DTG, PPPT et retard des copropriétés
Malheureusement, une récente étude remet en question l’efficacité d’une telle mesure. À ce jour, les copropriétés sont très en retard sur leurs obligations de PPPT et de DPE collectif. En effet, d’après l’enquête de l’Institut OpinionWay menée à la demande de PrimesEnergie.fr :
- Aucun DPE collectif n’a été fait dans 57 % des copros concernées ;
- Plus d’1 copro sur 2 soumise à l’obligation de PPT ne l’a pas réalisé ;
- 20 % des copropriétaires ignorent ce qu’est un PPT ;
- 11 % des copropriétaires ne savent pas ce qu’est un audit énergétique.
- Pour près d’1 copropriétaire sur 2, le syndic ne s’implique pas dans la rénovation énergétique de l’immeuble en copropriété…
Bref, au rythme actuel, le chantier s’annonce compliqué. En prime, le rapport sur la paupérisation des copropriétés montre le mauvais état initial de ces immeubles.
Exceptions déjà prévues en copropriété
Au fait, la loi Climat Résilience prévoit déjà deux exceptions pour les bailleurs qui louent un logement énergivore en copro. D’abord, le propriétaire pourra continuer de louer s’il justifie :
- avoir réalisé des travaux dans les parties privatives de son lot ;
- avoir mené les diligences nécessaires auprès du syndicat des copropriétaires.
Autrement dit, si le DPE ne s’améliore pas suffisamment malgré ses efforts individuels, il ne sera pas pénalisé. Ensuite, il en va de même si des contraintes architecturales ou patrimoniales font obstacle à l’atteinte du niveau de performance énergétique minimal.
Apparemment, ces dispositions sont insuffisantes. Il est impossible de savoir quelle piste sera finalement conservée par l’exécutif. En tout cas, il lui reste moins d’un trimestre pour prendre une décision et un texte modificatif.
Stabilisation de MaPrimeRénov’ en 2025
Quelques jours avant la déclaration de politique générale du Premier ministre, deux clans appartenant à la grande famille de la rénovation énergétique s’affrontaient. Les uns demandaient le maintien de MPR monogestes, sans DPE obligatoire, pour les classes F et G. Les autres exigeaient le retour à la réforme MPR initiée en janvier 2024 et interrompue en mai.
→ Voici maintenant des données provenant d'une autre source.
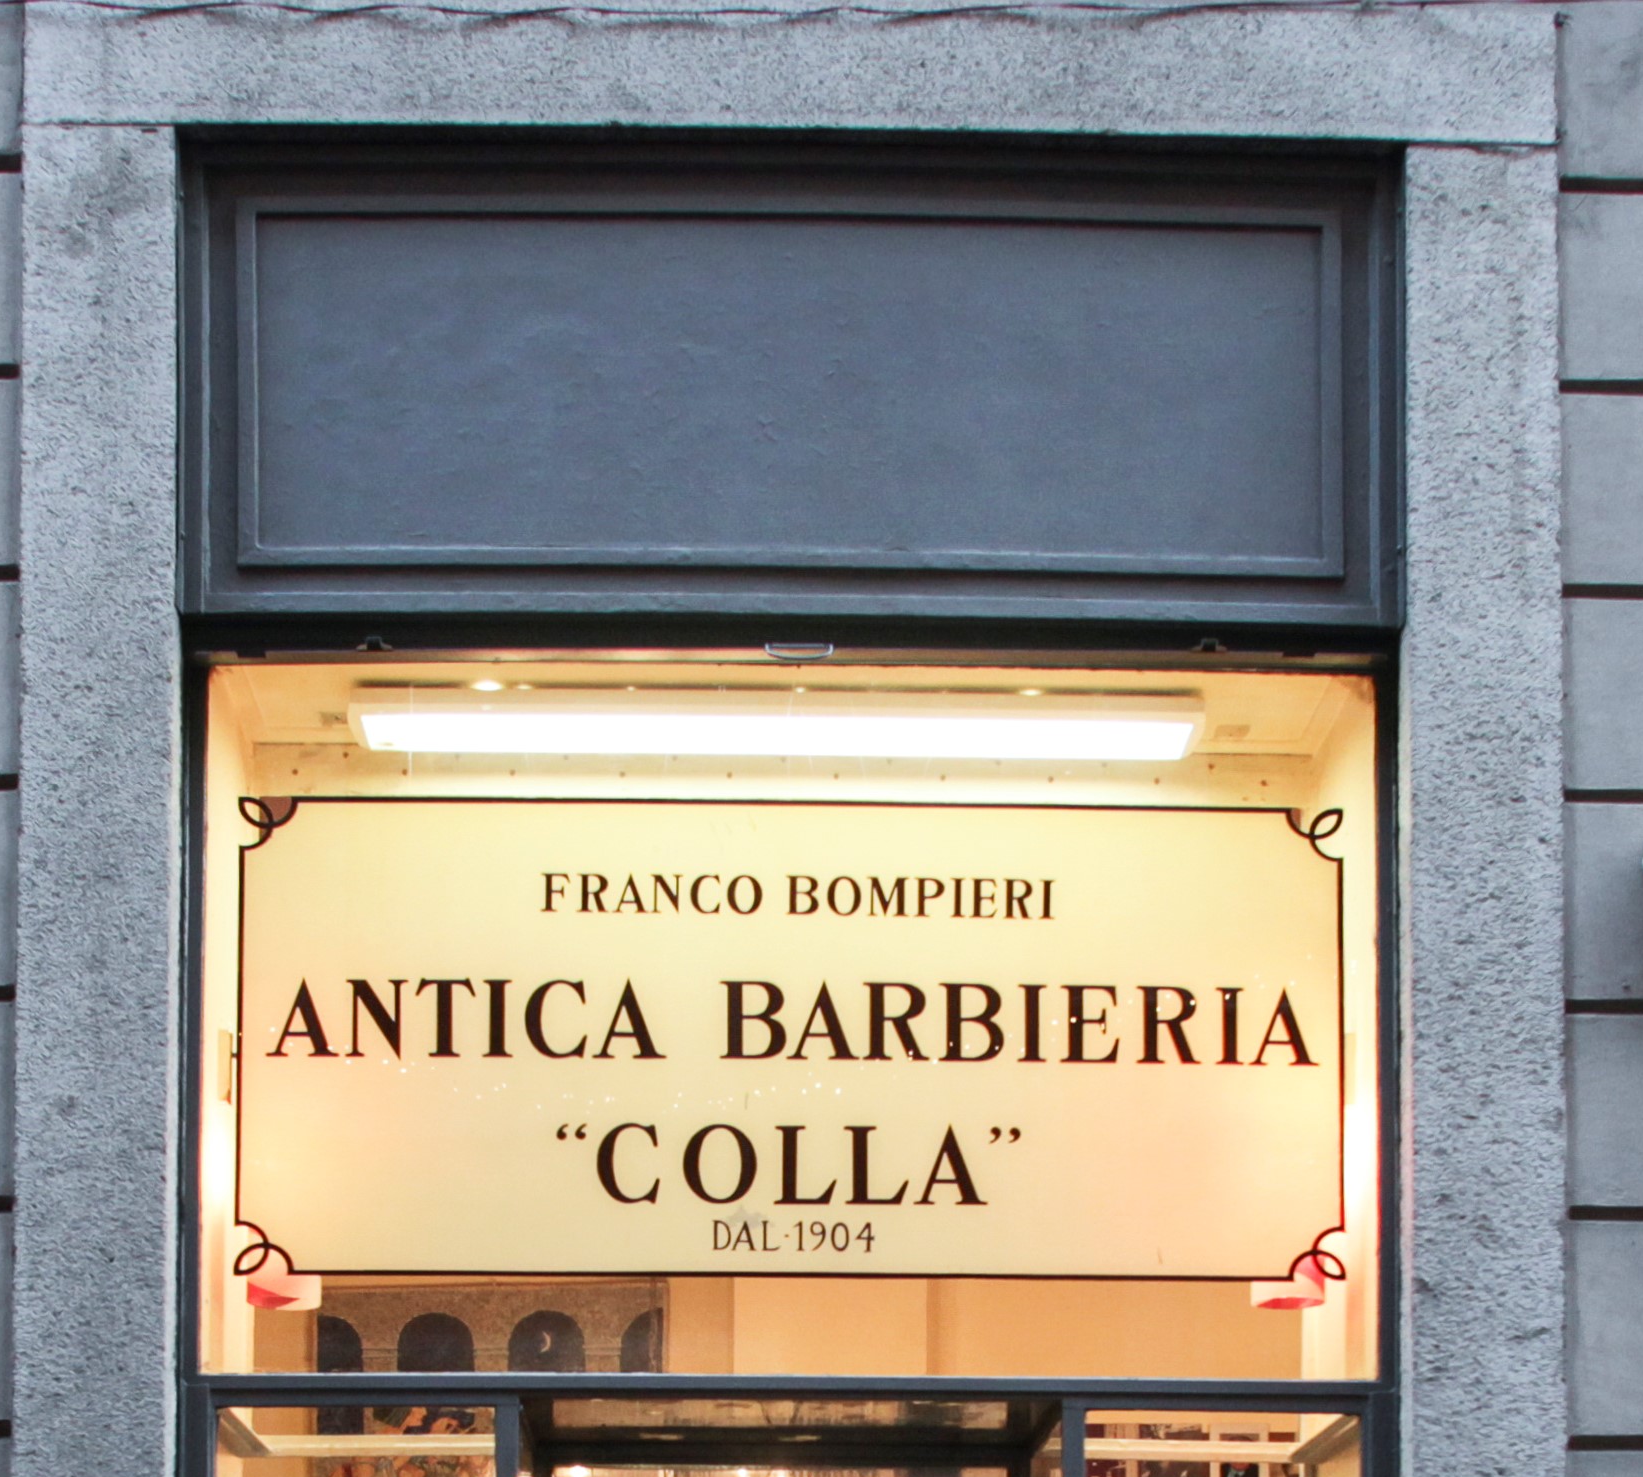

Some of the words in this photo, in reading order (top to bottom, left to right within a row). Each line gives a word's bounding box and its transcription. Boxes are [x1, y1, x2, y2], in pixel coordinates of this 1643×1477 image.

[541, 872, 762, 915] FRANCO
[786, 875, 1056, 919] BOMPIERI
[266, 977, 666, 1058] ANTICA
[719, 980, 1320, 1067] BARBIERIA
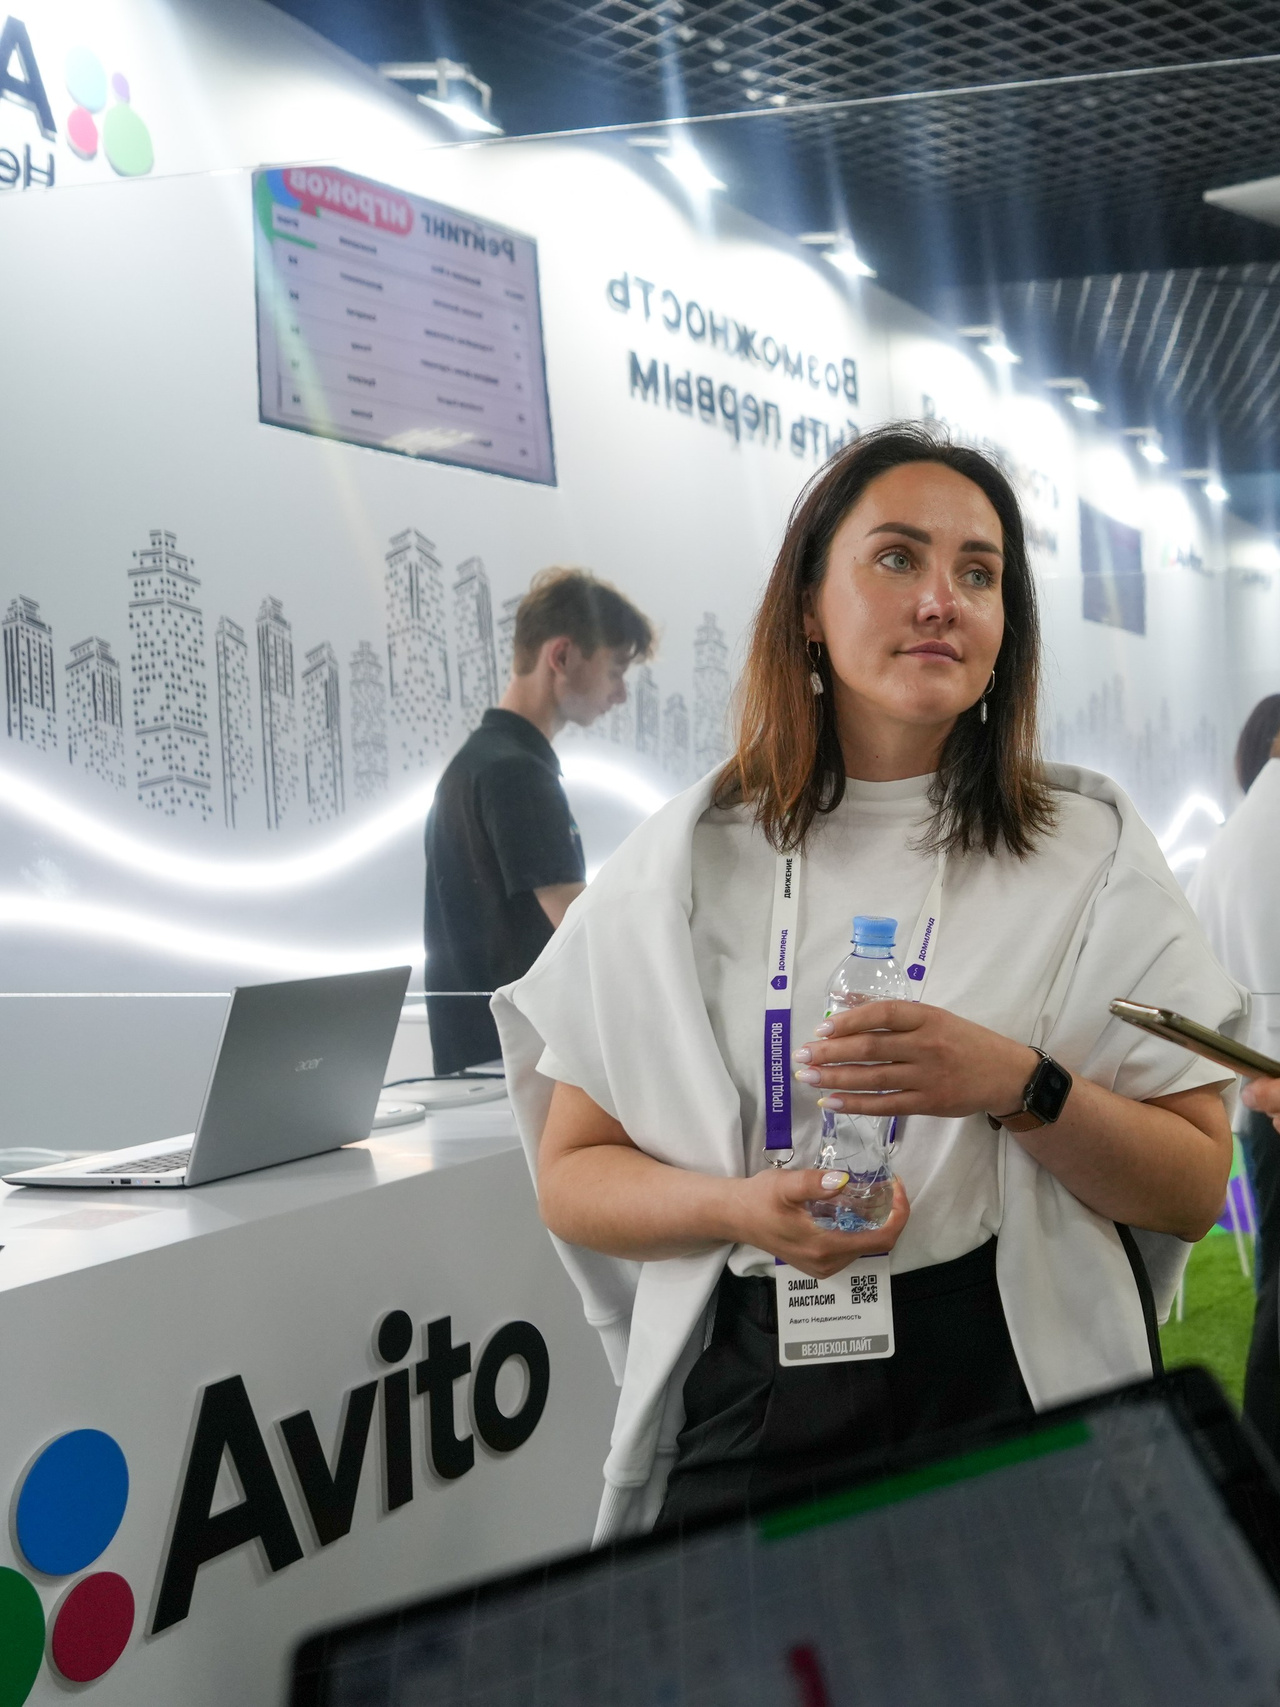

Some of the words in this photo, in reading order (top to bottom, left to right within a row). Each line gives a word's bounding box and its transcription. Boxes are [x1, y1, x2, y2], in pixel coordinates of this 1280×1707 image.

Dans le journal nordique, Mme Létard déclare : « Ce qui importait le plus aux acteurs du secteur, c’est que le gouvernement stabilise le dispositif. C’est ce que nous faisons. » Mais lequel, celui en vigueur depuis 5 mois à titre exceptionnel ou celui appliqué pendant les 5 mois précédents ?
Le PLF 2025 ne nous aide guère. La partie consacrée à MaPrimeRénov’ annonce une pérennisation « en 2024 ». Cependant, les acteurs de la construction réclamaient précisément de la stabilité. Le dispositif instauré à titre exceptionnel en mai serait donc maintenu en 2025. Cela reste à confirmer par voie réglementaire.
À propos de MPR, l’Anah a récemment annoncé la suppression des avances pour les mandataires financiers. Elles disparaîtront dès le mois de novembre 2024 afin de lutter contre les fraudes à la rénovation.
PTZ, Pinel et loi Airbnb
Par ailleurs, le Premier ministre avait annoncé que le prêt à taux zéro (PTZ) s’étendrait à tout le territoire. Cette mesure doit relancer l’investissement locatif et l’accession à la propriété. Mme Létard ouvre également la porte à une extension du PTZ aux maisons individuelles. En revanche, elle acte la fin du Pinel en 2025.
Enfin, la ministre du Logement souhaite « que la proposition de loi de la députée Renaissance Annaïg Le Meur (qui oblige par exemple les propriétaires de meublés de tourisme, type Airbnb, à réaliser le même diagnostic de performance énergétique que les autres propriétaires) poursuive son chemin parlementaire ». Elle confirme donc le retour prochain de la loi Airbnb.
À lire : La Voix du Nord, n°20241012, p.46, Les pistes de la ministre Valérie Létard pour sortir de la crise, 12/10/2024.